→ **Data in this exercise**
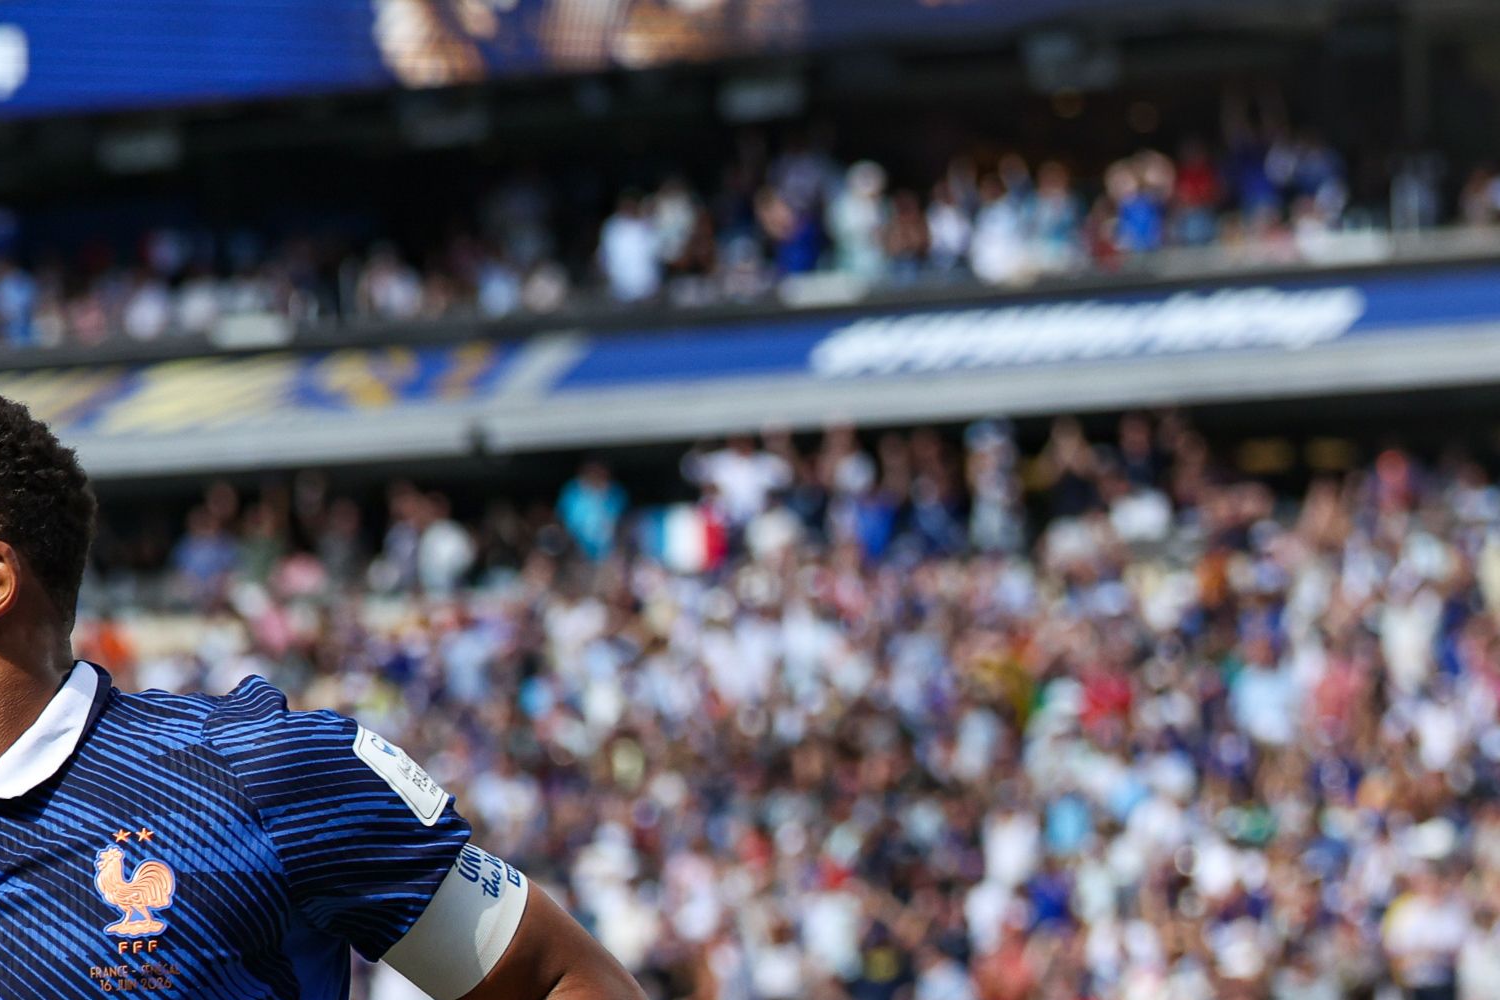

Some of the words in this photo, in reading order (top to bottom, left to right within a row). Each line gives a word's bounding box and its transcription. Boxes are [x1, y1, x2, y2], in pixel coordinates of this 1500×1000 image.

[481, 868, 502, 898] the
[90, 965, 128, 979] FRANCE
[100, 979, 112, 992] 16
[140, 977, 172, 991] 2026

→ **Work item**
For this task, give the full listing again verbatim and keep out every picture.

→ **Written response**
Some of the words in this photo, in reading order (top to bottom, left to right within a row). Each line gives a word's bounding box and its transcription. Boxes are [x1, y1, x2, y2], in pixel coordinates of this 1500×1000 image.

[481, 868, 502, 898] the
[90, 965, 128, 979] FRANCE
[100, 979, 112, 992] 16
[140, 977, 172, 991] 2026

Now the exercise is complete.